La morte di Aaron Aharonson e la sue eredità
La sua morte sollevò molti rimpianti e anche sospetti, come avvenne per quella di Lawrence anni dopo. Nella lotta politica in corso a Versailles per assicurarsi un posto al sole, non ci fu esclusione di colpi. Senza voler abbracciare le tesi più estreme che qualcuno ha adombrato, è un fatto che Aaronsohn fosse una figura problematica per molti. In primis per la stessa Gran Bretagna: troppo audace, ma fascinosa, la sua visione di una grande Palestina in cui i popoli potessero vivere insieme e che era riecheggiata nell’incontro del gennaio del 1919 a Londra tra Weizmann e Faisal (interprete Lawrence) il cui il leder della rivolta araba affermava di non opporsi all’arrivo di 4/5 milioni di ebrei nel paese.
Ma anche all’interno del campo sionista non c’era unanimità su Aaronsohn. Tuttaltro. L’unico di peso che lo appoggiò fino in fondo – a parte Weizman e con molti distinguo – restò Jabotinsky. Del resto, Aaronsohn era in contrasto con il socialismo imperante della seconda aliyah: lo sviluppo industriale e agricolo che perseguiva si basava su parametri capitalistici. E nella sua Stazione sperimentale di Atlit non c’era differenza di impiego e di salario tra arabi ed ebrei in una scelta che contrastava la mistica sionista del lavoro ebraico per primo imperante nell’Yishuv.

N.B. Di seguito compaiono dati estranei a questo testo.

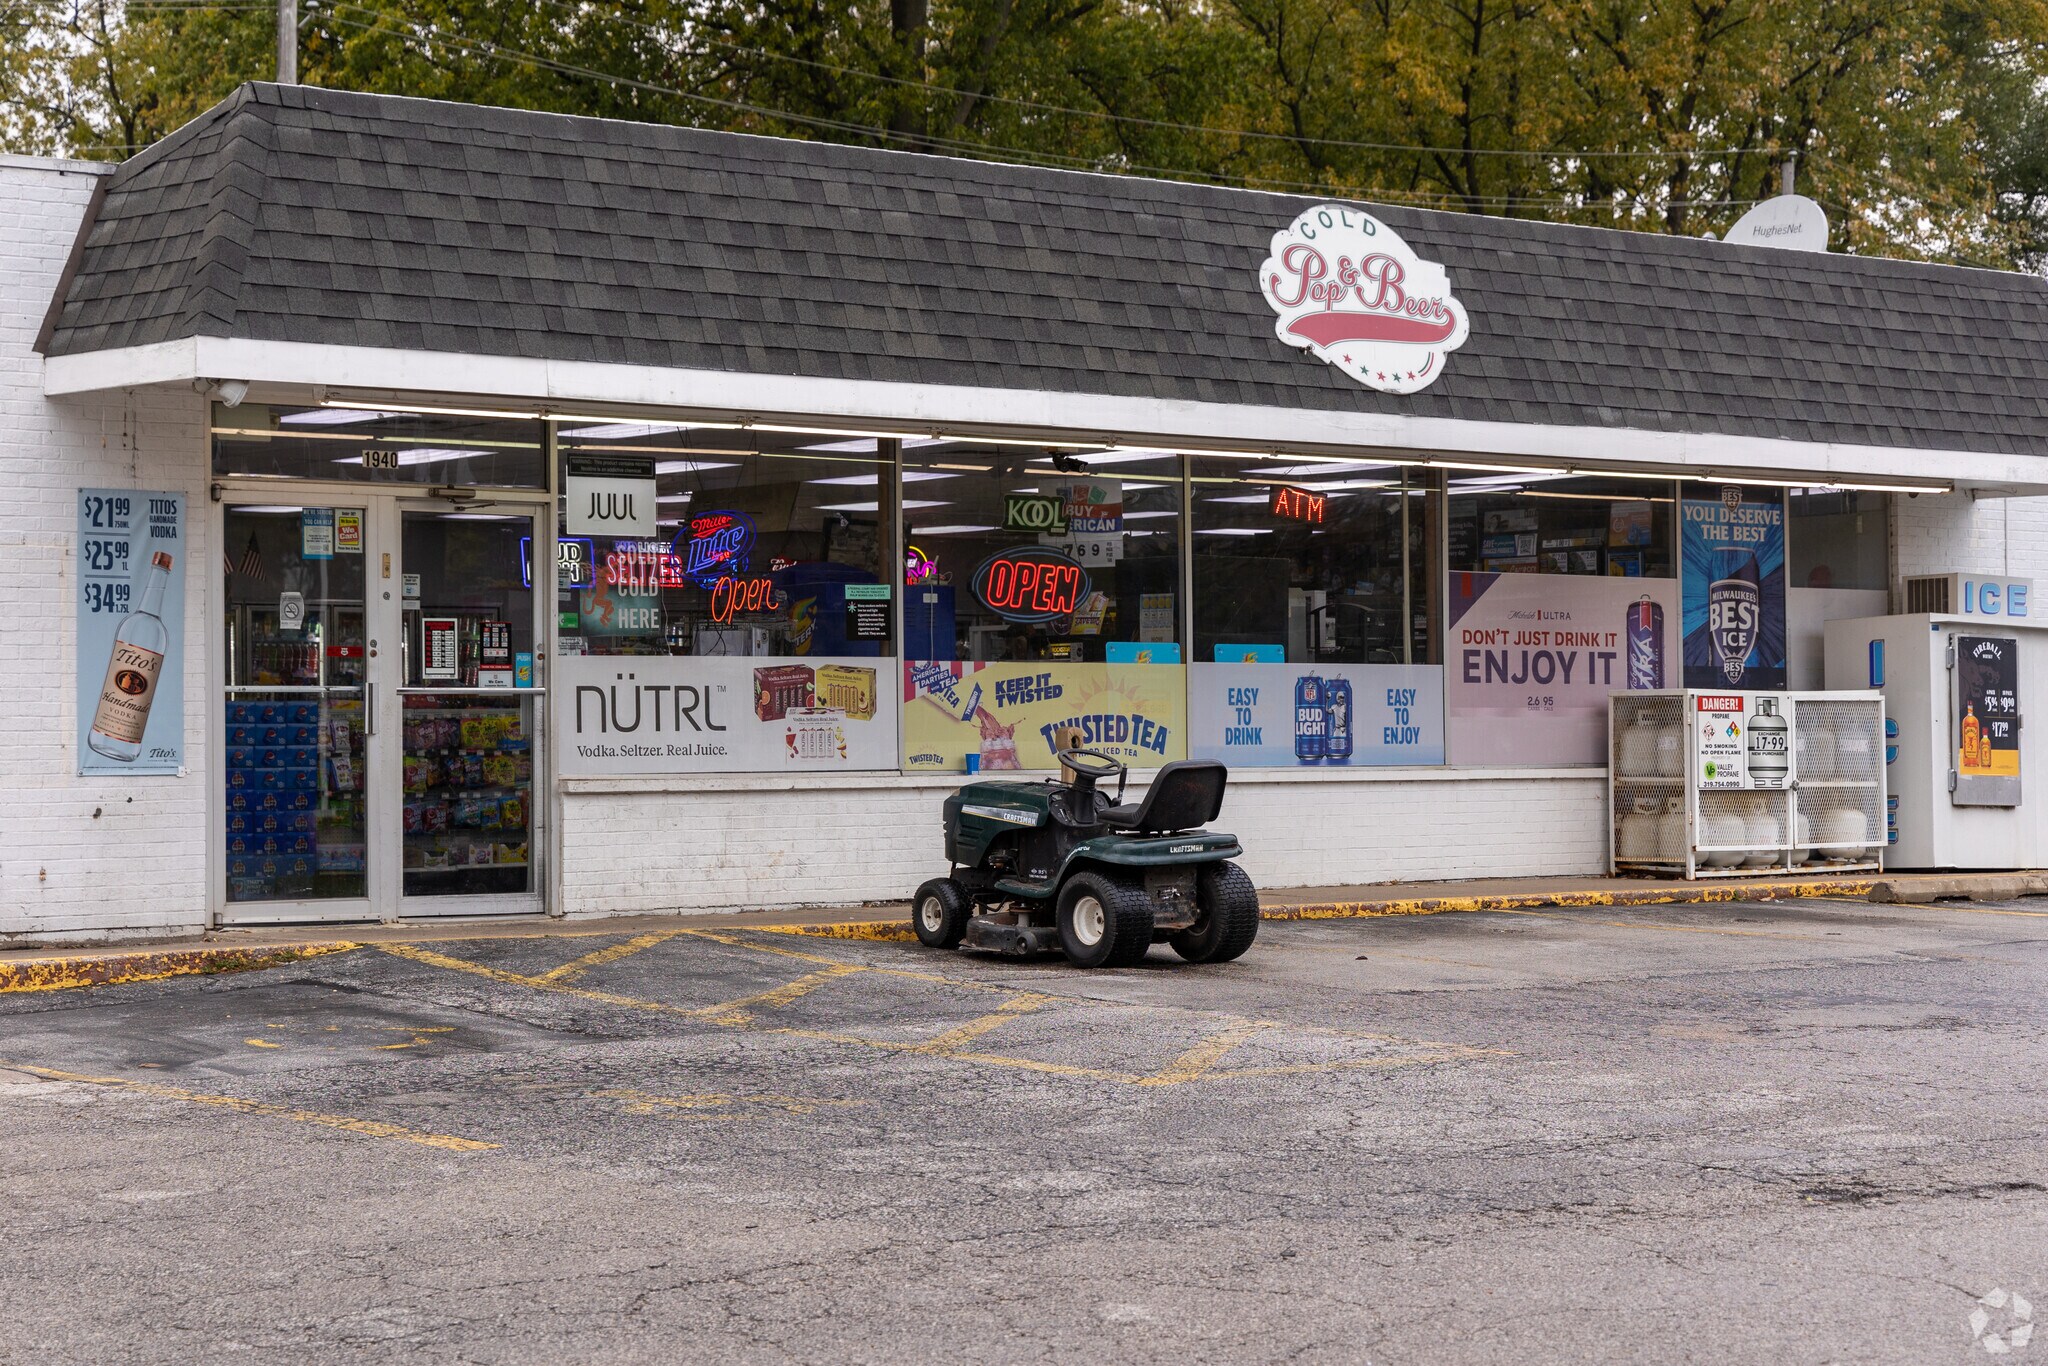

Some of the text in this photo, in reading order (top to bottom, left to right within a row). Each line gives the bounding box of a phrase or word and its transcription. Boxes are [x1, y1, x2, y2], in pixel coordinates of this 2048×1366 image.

I confini tracciati per la Palestina non inseguivano la politica, ma la razionalizzavano incentrandosi sulle risorse e la sicurezza che meglio avrebbero garantito quelle frontiere.

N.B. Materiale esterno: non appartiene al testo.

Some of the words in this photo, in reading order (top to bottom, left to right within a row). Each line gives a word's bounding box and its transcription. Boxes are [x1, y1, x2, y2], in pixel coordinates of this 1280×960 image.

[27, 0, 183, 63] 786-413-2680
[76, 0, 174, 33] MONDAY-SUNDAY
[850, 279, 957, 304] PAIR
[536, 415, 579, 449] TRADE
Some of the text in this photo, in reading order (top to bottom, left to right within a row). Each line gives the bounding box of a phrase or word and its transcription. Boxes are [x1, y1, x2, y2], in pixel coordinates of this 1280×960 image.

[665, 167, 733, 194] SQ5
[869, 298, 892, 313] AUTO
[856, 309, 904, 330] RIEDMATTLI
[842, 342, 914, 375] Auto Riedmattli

La storia – ripeto – non si fa con i ‘se’. Possiamo quindi solo immaginare – e non teorizzare – quali sarebbero state le vicende successive se (appunto) quei confini fossero stati adottati. Tuttavia è un fatto che quei confini avrebbero evitato molti dei futuri punti di attrito in Medio Oriente, così come la storia ce li ha fatti conoscere. In questo inestimabile – qualcuno lo ha definito ‘titanico’ – contributo, Aaronsohn pagò prezzi terribili. Il primo in assoluto, fu il suicidio della sorella Sarah – indomabile capo di Nili in patria – sfigurata dalle torture dei turchi oramai a conoscenza delle attività segrete del gruppo.

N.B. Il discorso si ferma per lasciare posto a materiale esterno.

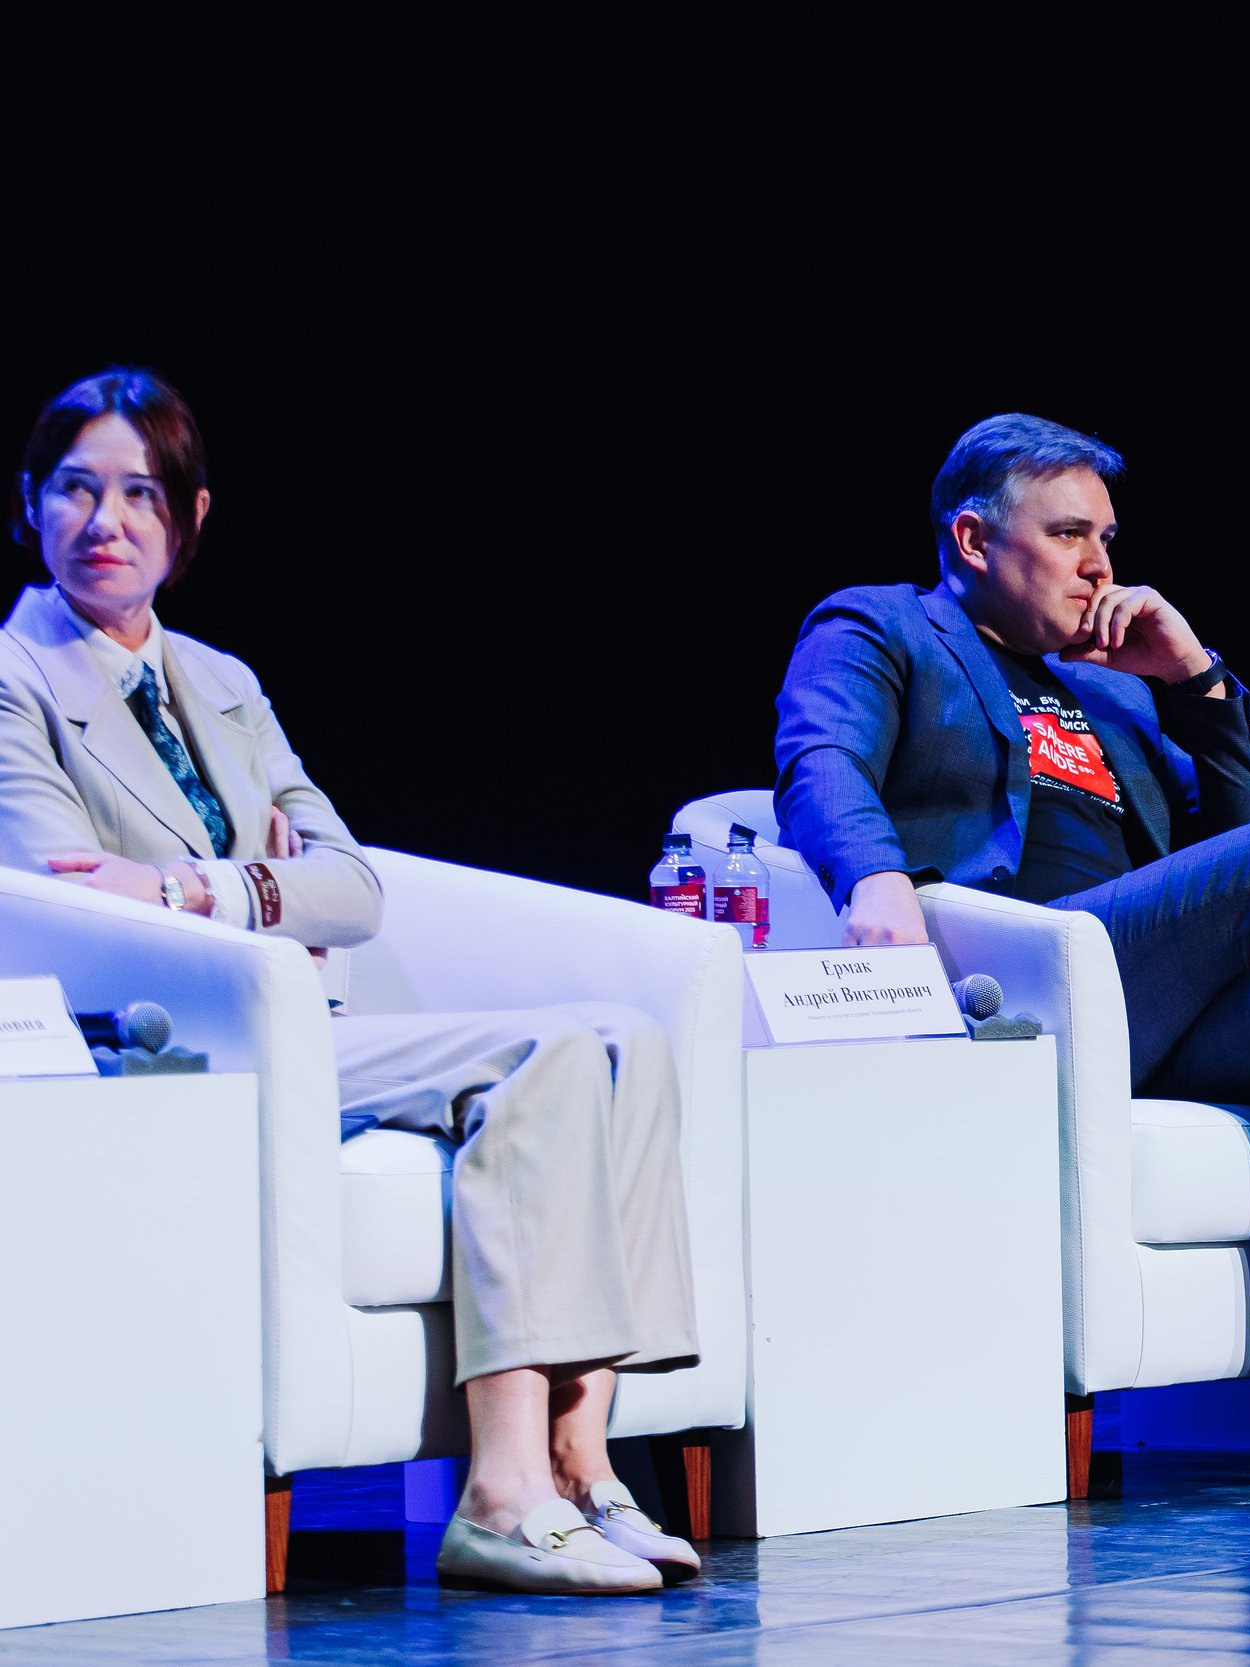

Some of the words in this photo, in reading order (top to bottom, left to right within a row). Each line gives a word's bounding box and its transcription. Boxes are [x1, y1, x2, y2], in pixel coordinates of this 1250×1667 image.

[821, 960, 873, 979] Ермак
[784, 987, 840, 1009] Андрей
[840, 984, 933, 1004] Викторович

Il ruolo centrale di Sarah Aharonson
La storia di Sarah è l’altro gioiello di questa epopea e non meno importante di quella del fratello. Senza questa donna dal piglio di acciaio e dalla inevitabile fragilità, Nili non sarebbe esistito. Fu lei a reggere – da sola e senza Aaron oramai a Londra e al Cairo – il peso maggiore in patria della persistente ostilità nei confronti di Nili da parte dell’Yishuv: furono chiamati allora ‘traditori’ e poi ‘porshim’, dissenzienti che avevano messo a rischio la vita dell’intera popolazione ebraica della Palestina. Sarah con coraggio resistette a tutti i tentativi e ricatti dell’Yishuv di far cessare le attività del gruppo: sapeva troppo bene quanto le informazioni raccolte dai membri di Nili servissero ad Aaron e alla causa. Quando gli inglesi e il fratello – allarmati dalle indagini dei Turchi – le chiesero di lasciare la Palestina con la nave che in incognito passava di fronte Atlit per prendere i rapporti informativi, Sarah rifiutò. Non fu un atto di folle coraggio, bensì di lucida comprensione della posta in palio.
Sarah Aaronosohn – eroina di Israele – morì il 9 ottobre del 1917 dopo tre giorni di terribile agonia. La sua tomba si trova nel cimitero di Zichron Yaacov dove era tornata da Istanbul per salvare il suo popolo. La sua memoria ancora oggi sia di benedizione.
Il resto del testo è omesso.